- What the exercise asks -
Type out all the records word for word. Any pictures are to be left out.

- Data listing -
*** Block opens ***

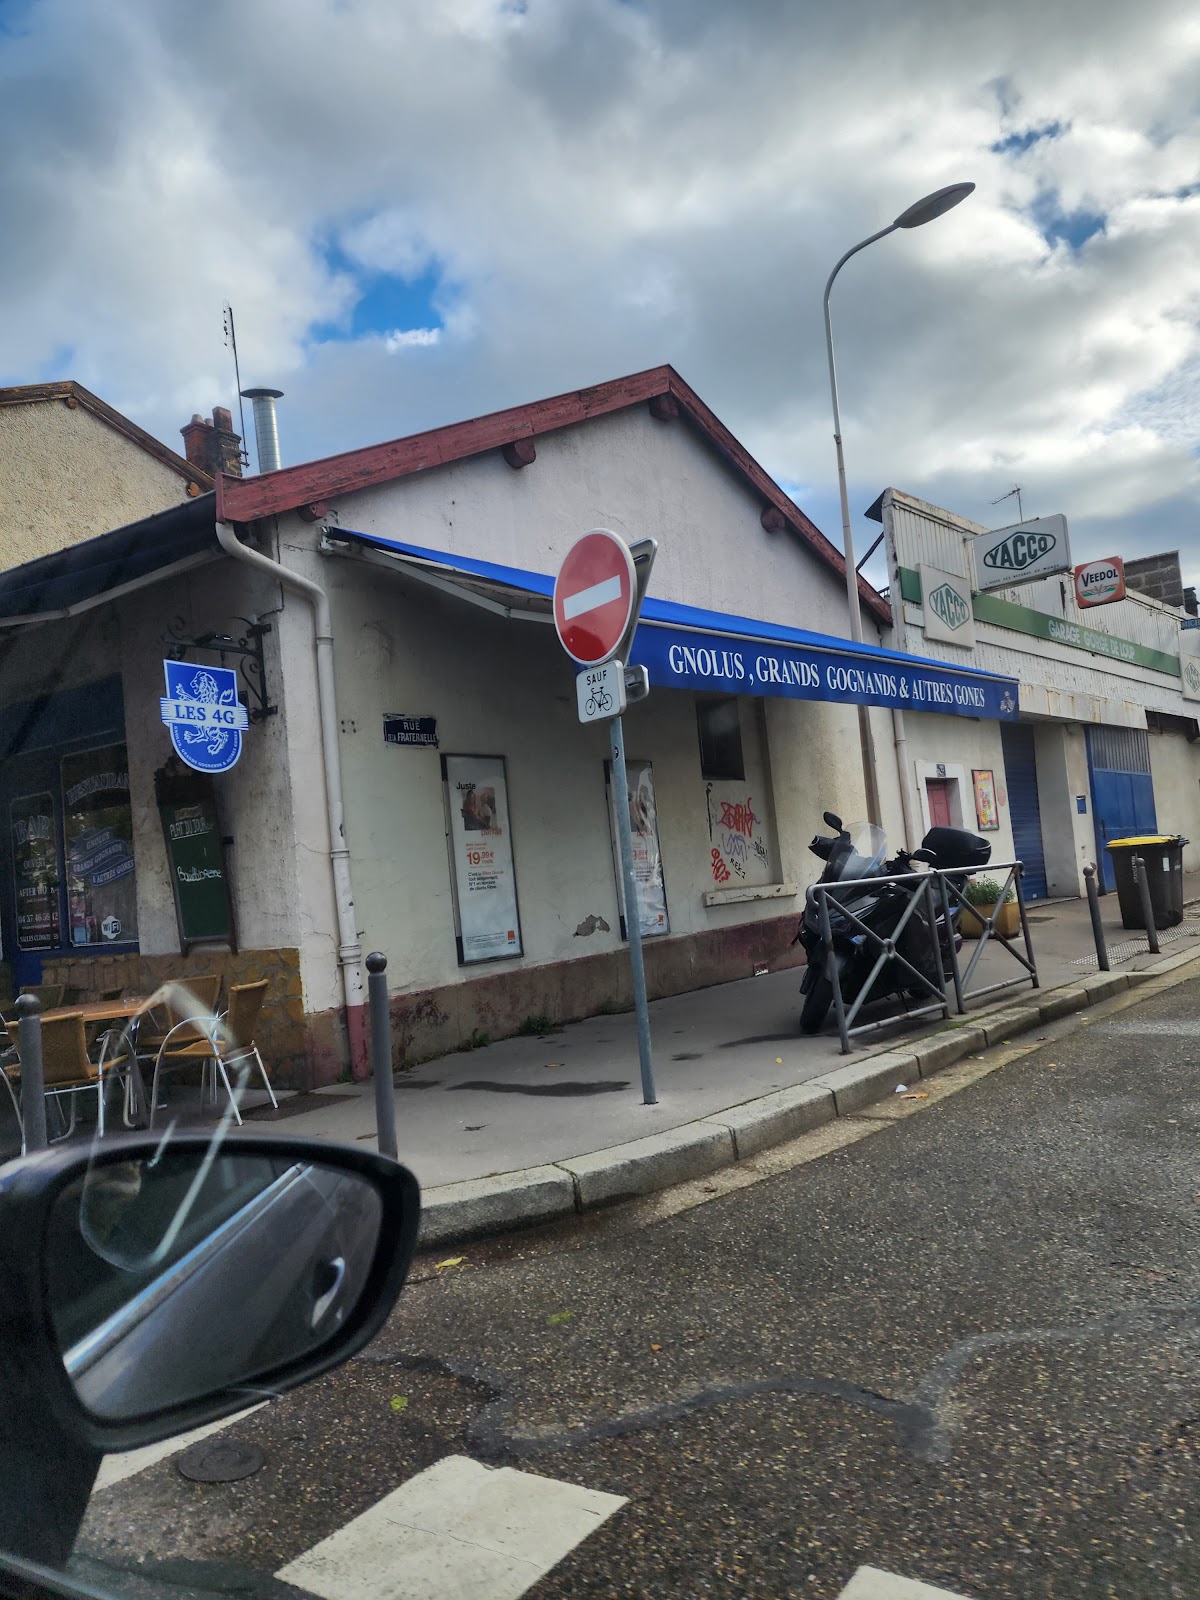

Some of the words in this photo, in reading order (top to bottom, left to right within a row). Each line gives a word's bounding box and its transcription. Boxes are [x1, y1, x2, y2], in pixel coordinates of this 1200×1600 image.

[988, 534, 1048, 568] YACCO
[1081, 568, 1119, 588] VEEDOL
[932, 586, 966, 628] YACCO
[1048, 619, 1080, 644] GARAGE
[1083, 631, 1109, 651] GORGE
[1110, 638, 1119, 656] DE
[1119, 641, 1135, 660] LOUP
[586, 669, 607, 686] SAUF
[826, 665, 897, 698] GOGNANDS
[899, 676, 910, 699] &
[912, 678, 953, 704] AUTRES
[954, 684, 985, 708] GONES
[174, 704, 206, 721] LES
[212, 709, 235, 725] 4G
[403, 721, 421, 731] RUE
[397, 732, 437, 743] FRATERNELLE
[456, 782, 476, 790] Juste
[14, 815, 51, 846] BAR
[96, 869, 116, 883] AUTRES
[116, 859, 135, 875] GONES
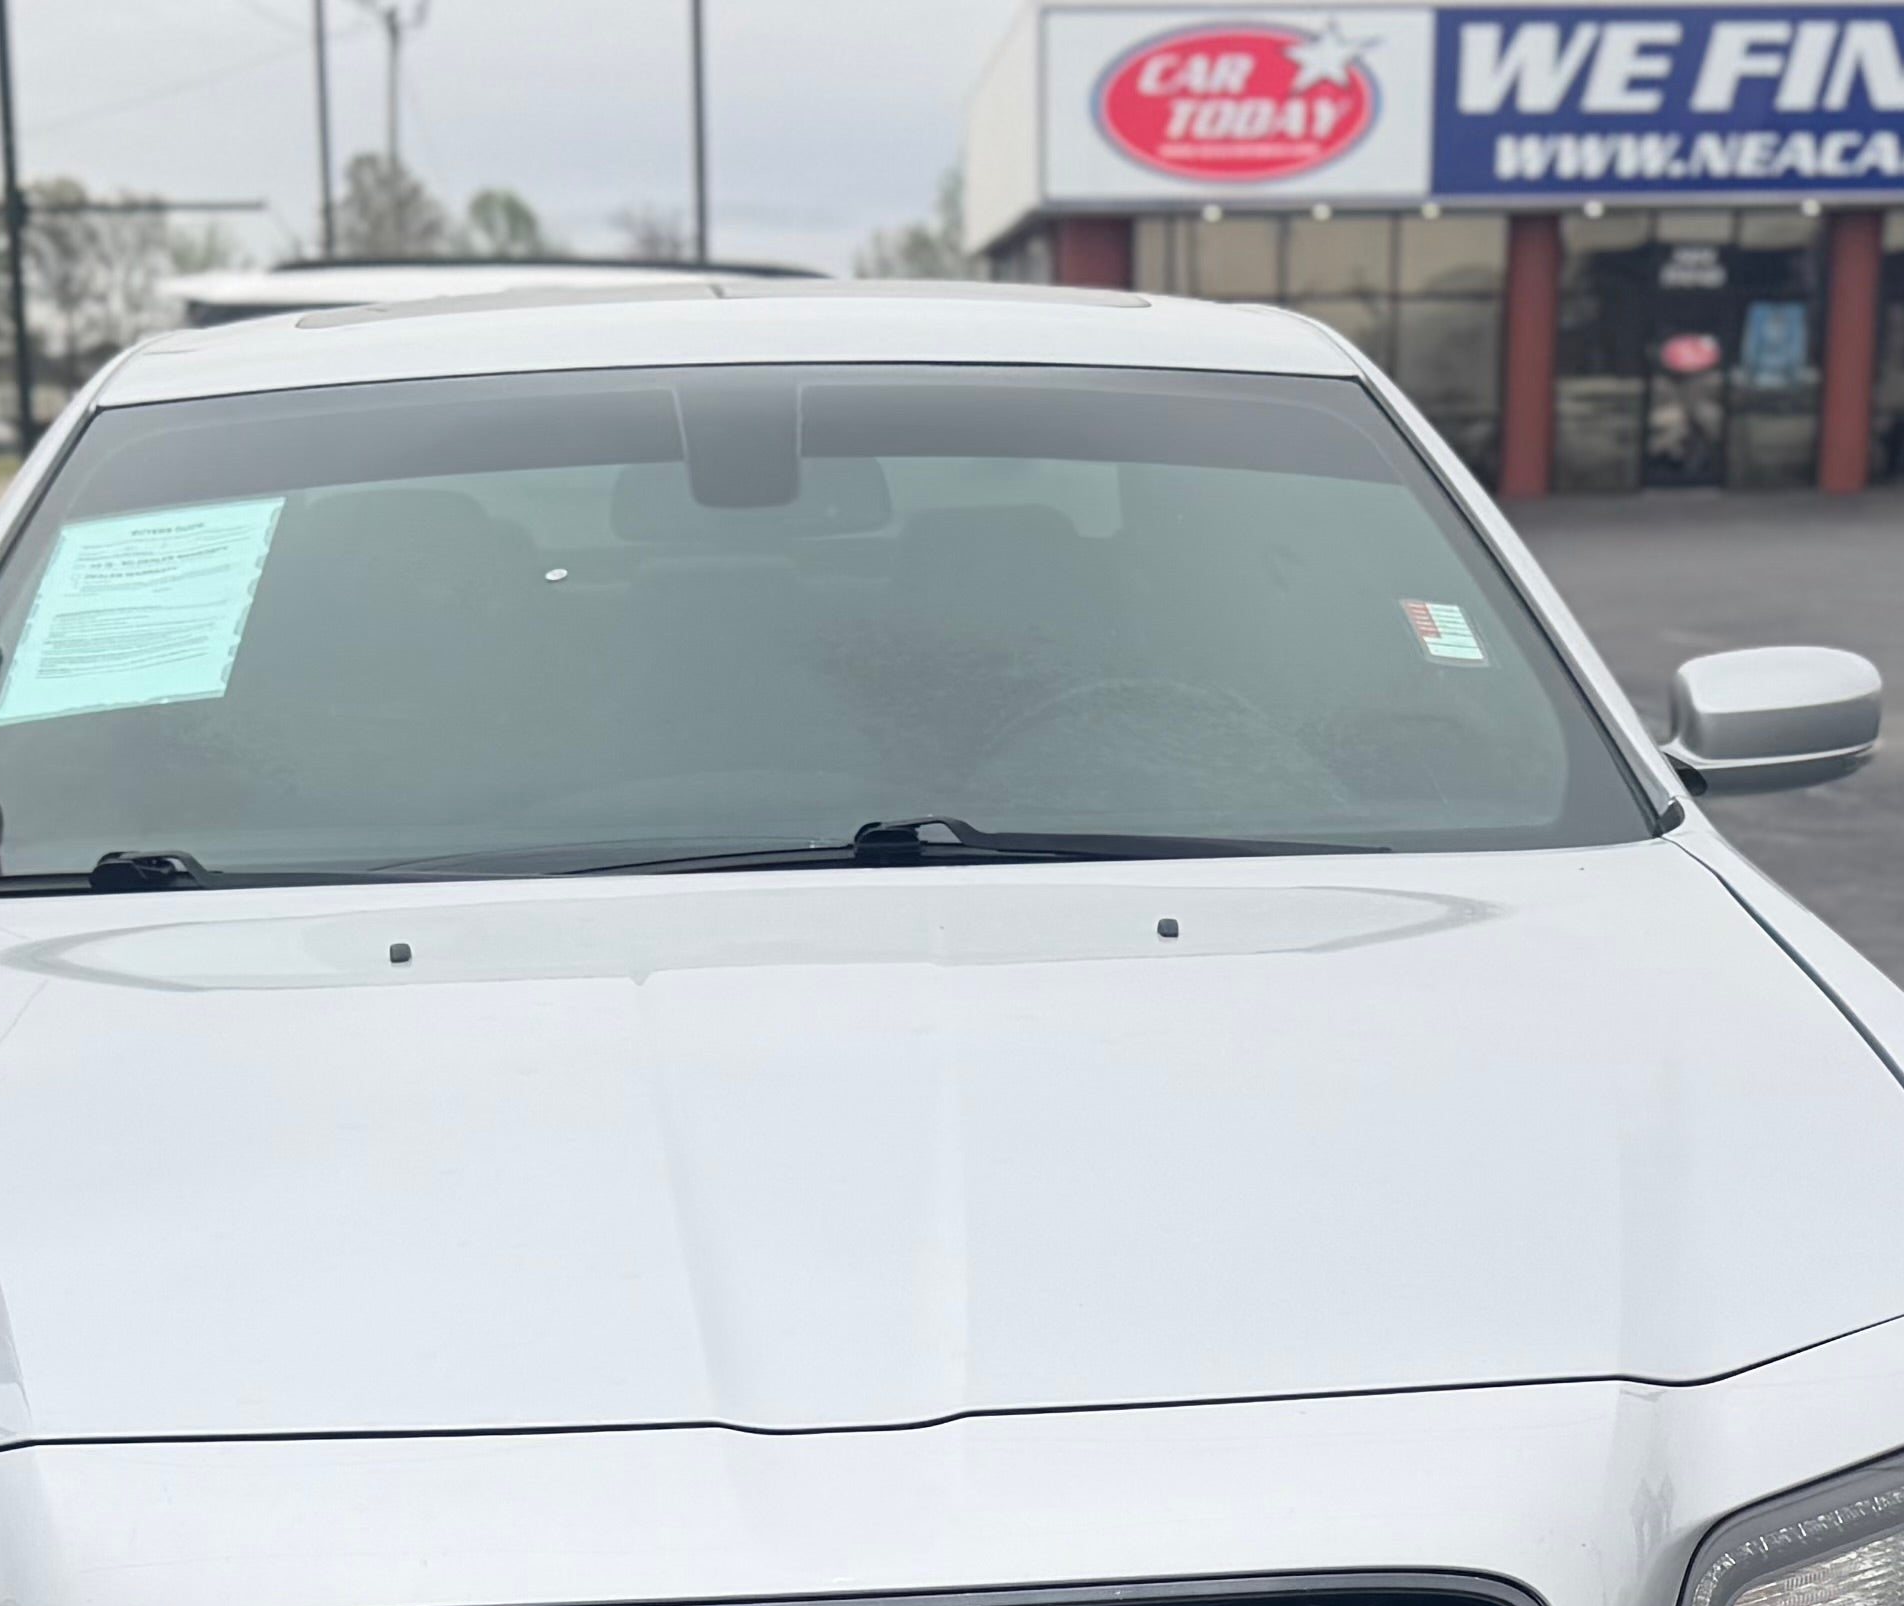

*** Block closes ***

- Output for this exercise -
Some of the words in this photo, in reading order (top to bottom, left to right within a row). Each line gives a word's bounding box and its transcription. Boxes are [x1, y1, x2, y2], in pixel coordinates of this 1200×1600 image.

[988, 534, 1048, 568] YACCO
[1081, 568, 1119, 588] VEEDOL
[932, 586, 966, 628] YACCO
[1048, 619, 1080, 644] GARAGE
[1083, 631, 1109, 651] GORGE
[1110, 638, 1119, 656] DE
[1119, 641, 1135, 660] LOUP
[586, 669, 607, 686] SAUF
[826, 665, 897, 698] GOGNANDS
[899, 676, 910, 699] &
[912, 678, 953, 704] AUTRES
[954, 684, 985, 708] GONES
[174, 704, 206, 721] LES
[212, 709, 235, 725] 4G
[403, 721, 421, 731] RUE
[397, 732, 437, 743] FRATERNELLE
[456, 782, 476, 790] Juste
[14, 815, 51, 846] BAR
[96, 869, 116, 883] AUTRES
[116, 859, 135, 875] GONES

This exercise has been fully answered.